EXERCISE AIM: The whole listing should come back exactly as written, except for the pictures.

RECORDS TO PROCESS:
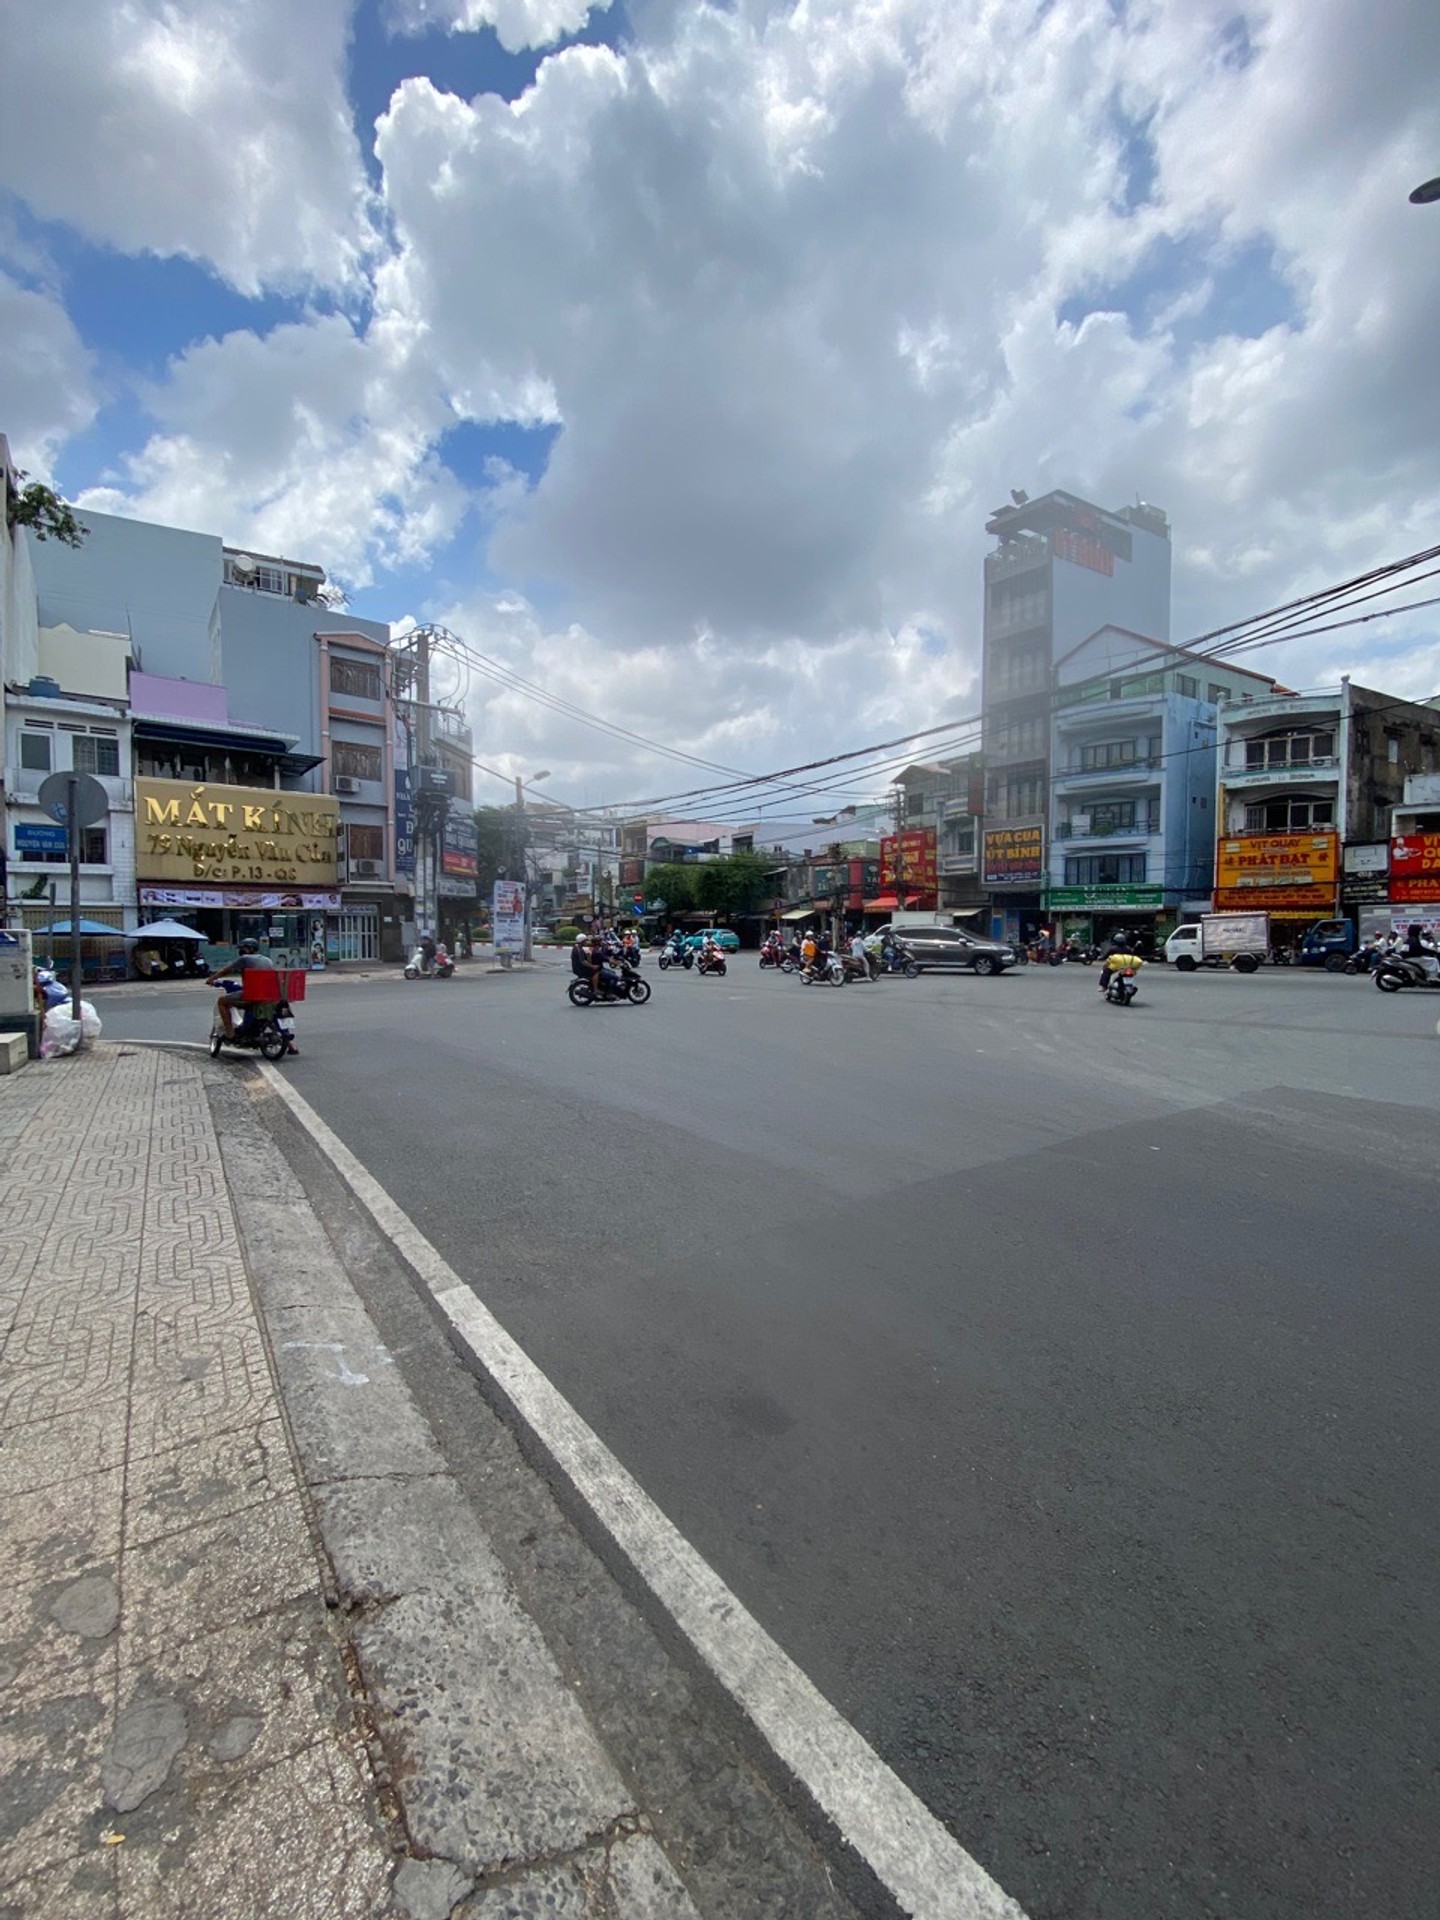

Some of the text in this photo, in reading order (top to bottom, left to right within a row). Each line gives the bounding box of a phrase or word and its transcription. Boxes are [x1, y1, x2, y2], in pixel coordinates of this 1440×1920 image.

[144, 786, 336, 838] MẮT KÍNH
[1014, 829, 1041, 843] CUA
[1271, 838, 1302, 848] QUAY
[147, 833, 172, 855] 79
[175, 833, 250, 863] Nguyễn

ANSWER BOX:
Some of the text in this photo, in reading order (top to bottom, left to right within a row). Each line gives the bounding box of a phrase or word and its transcription. Boxes are [x1, y1, x2, y2], in pixel coordinates of this 1440×1920 image.

[144, 786, 336, 838] MẮT KÍNH
[1014, 829, 1041, 843] CUA
[1271, 838, 1302, 848] QUAY
[147, 833, 172, 855] 79
[175, 833, 250, 863] Nguyễn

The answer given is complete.